The activist investor made his pitch in a letter to fellow shareholders today urging them to support his resolution calling on Apple to increase its share-repurchase plan. “Given that the company has $130 billion of net cash and $40 billion of expected annual earnings, and the fact that it is hard to find a better time in history to borrow money, a $50 billion share repurchase over the course of fiscal year 2014 seems more than reasonable to us,” Carl Icahn writes — calling this “one of the greatest examples of a ‘no brainer’ we have seen in five decades of successful investing.” He adds that he’s an Apple fan, and over the last two weeks bought $1B of its stock, including $500M today, for a total holding worth about $3.6B. One reason for his optimism is his hope that Apple will finally introduce a TV set that will make it easy for users to watch shows from conventional pay TV and the web, and take advantage of the growing interest in 4K, or Ultra HD, screens. “While cable companies will likely be slow to upgrade their linear TV infrastructure due to cost, video content is expected to be accessible through the internet via services like Netflix and others,” Icahn writes. “We believe ultra high definition represents a major catalyst for the next TV replacement cycle and a promising moment for Apple to introduce its first new product in this category.”

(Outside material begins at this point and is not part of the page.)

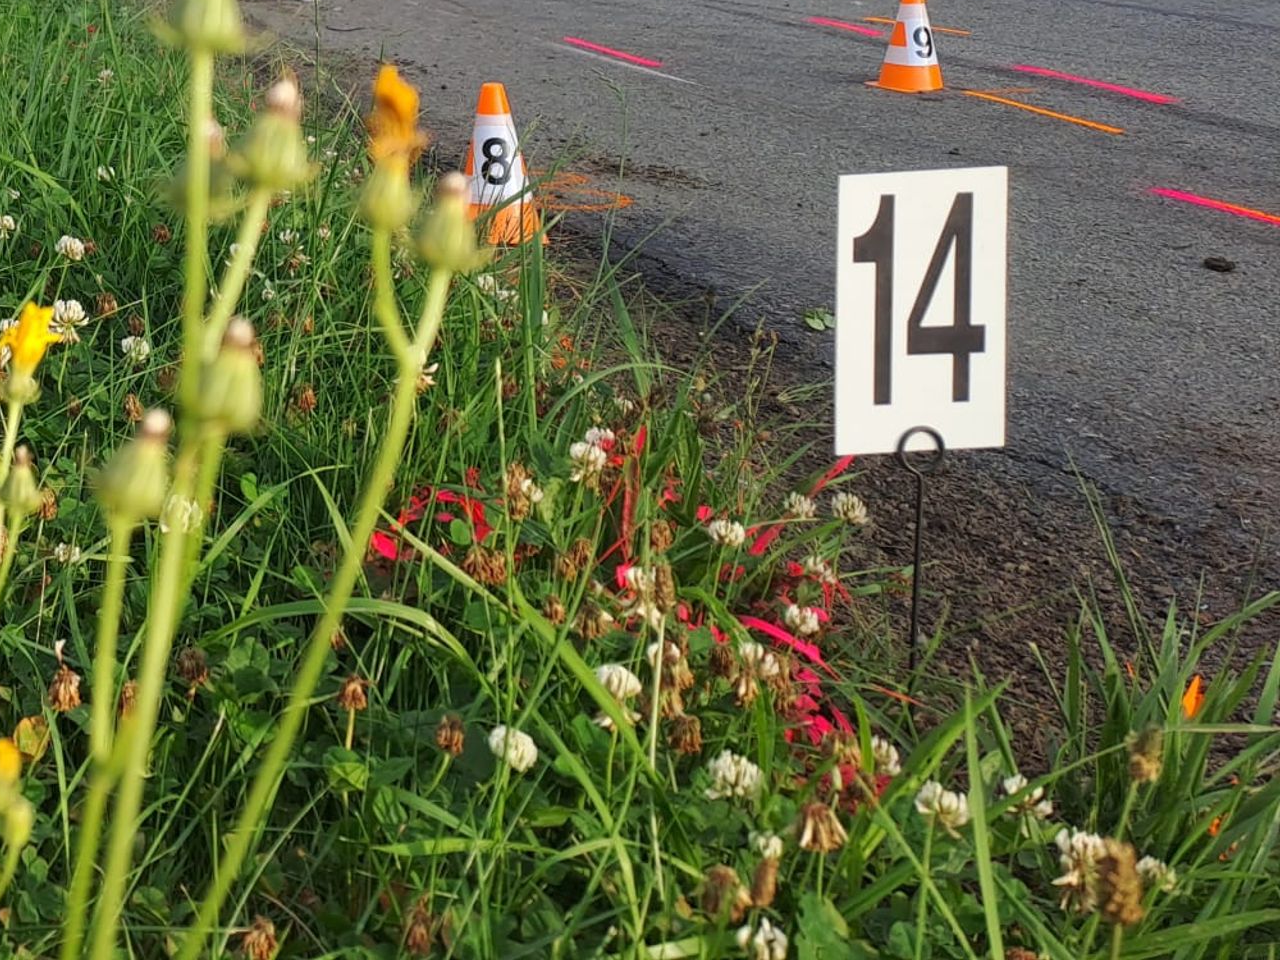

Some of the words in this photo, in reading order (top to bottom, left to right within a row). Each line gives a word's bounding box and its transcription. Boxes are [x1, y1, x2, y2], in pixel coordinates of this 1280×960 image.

Related: Carl Icahn Takes Another Bite Of Apple
Manufacturers sold 238M TV sets globally in 2012, so “it would not surprise us if Apple could sell 25 million new Apple ultra-high definition televisions at $1,600 per unit, especially when considering both its track record of introducing best in class products and its market share in smartphones and tablets,” Icahn wrote. “At a gross margin of 37.7%, which would be consistent with that of the overall company, such a debut would add $40 billion of revenues and $15 billion to operating income annually.” In addition to offering hardware, he says that Apple should add 4K content to iTunes. Speculation about an Apple TV took off in 2011 when the company’s late CEO Steve Jobs told his biographer Walter Isaacson that he had “cracked” a way to create “an integrated television set” that would be “seamlessly synced with all of your devices and with iCloud.”